PURPOSE: To compare clinical outcomes in a cohort of patients with advanced non-small-cell lung cancer (NSCLC) with targetable genomic alterations detected using plasma-based circulating tumor DNA (ctDNA) or tumor-based next-generation sequencing (NGS) assays treated with US Food and Drug Administration-approved therapies at a large academic research cancer center. METHODS: A retrospective review from our MD Anderson GEMINI database identified 2,224 blood samples sent for ctDNA NGS testing from 1971 consecutive patients with a diagnosis of advanced NSCLC. Clinical, treatment, and outcome information were collected, reviewed, and analyzed. RESULTS: Overall, 27% of the ctDNA tests identified at least one targetable mutation and 73% of targetable mutations were EGFR-sensitizing mutations. Among patients treated with first-line epidermal growth factor receptor (EGFR)-tyrosine kinase inhibitor (TKI) therapies, there were no significant differences in progression-free survival of 379 days and 352 days (P value = .41) with treatment based on tissue (n = 40) or ctDNA (n = 40), respectively.

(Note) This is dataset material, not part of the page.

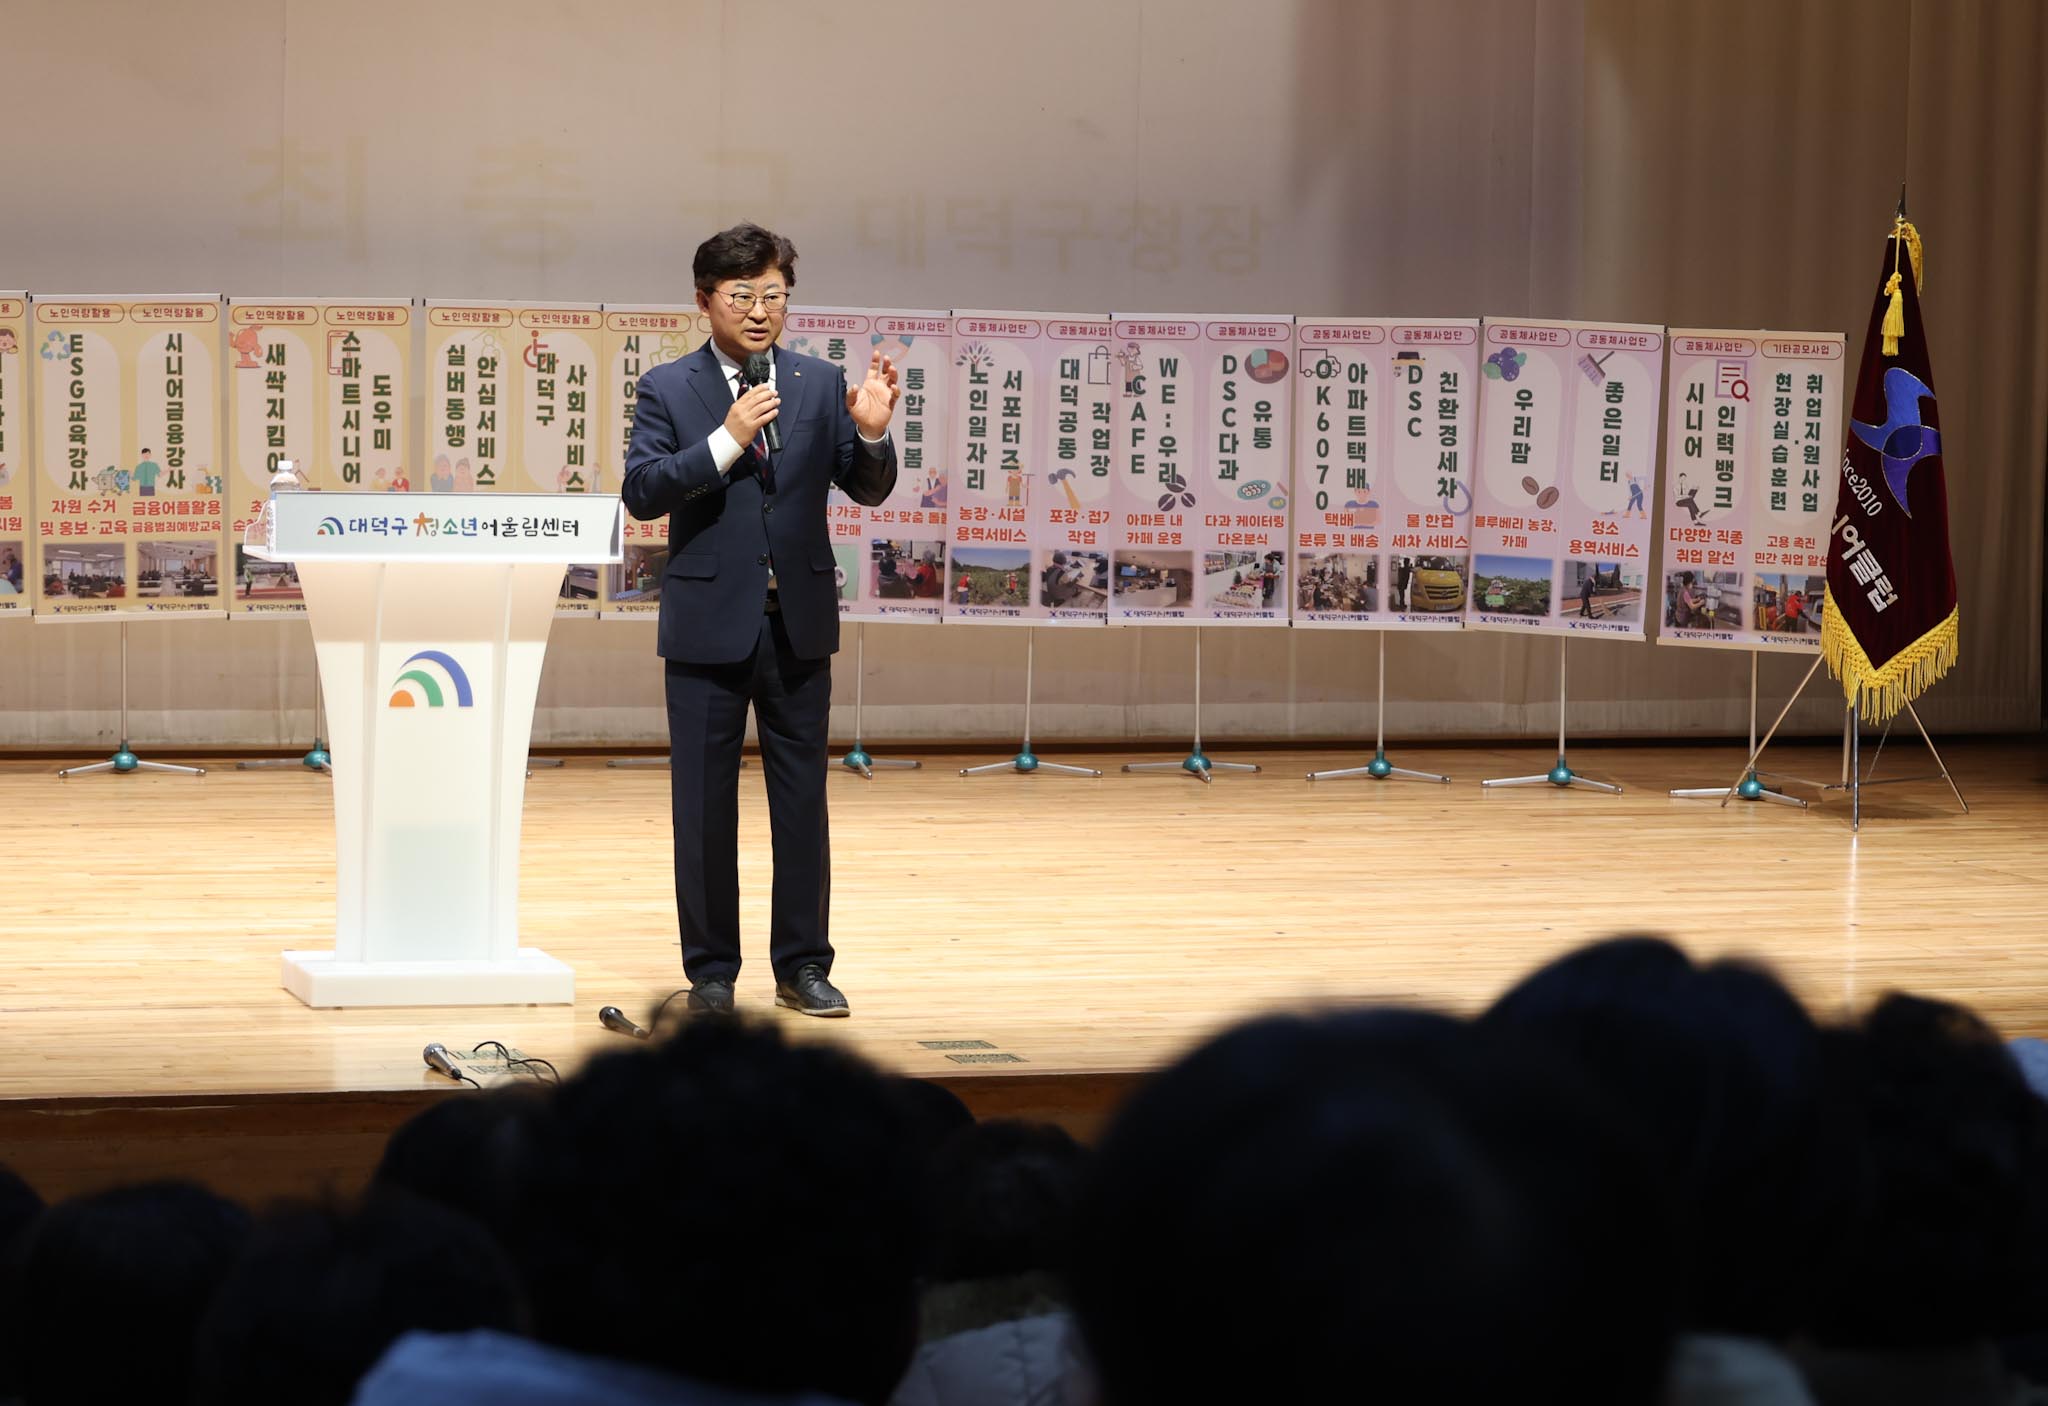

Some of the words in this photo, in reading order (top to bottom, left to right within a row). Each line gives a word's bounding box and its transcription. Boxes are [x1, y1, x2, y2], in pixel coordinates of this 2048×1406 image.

Additionally, there were no differences in progression-free survival or objective response rate among those with low (n = 8, 0.01%-0.99%) versus high (n = 16, ≥ 1%) levels of ctDNA of the targetable mutation as measured by variant allele frequency (VAF). Overall, there was excellent testing concordance (n = 217 tests) of > 97%, sensitivity of 91.7%, and specificity of 99.7% between blood-based ctDNA NGS and tissue-based NGS assays. CONCLUSION: There were no significant differences in clinical outcomes among patients treated with approved EGFR-TKIs whose mutations were identified using either tumor- or plasma-based comprehensive profiling and those with very low VAF as compared with high VAF, supporting the use of plasma-based profiling to guide initial TKI use in patients with metastatic EGFR-mutant NSCLC.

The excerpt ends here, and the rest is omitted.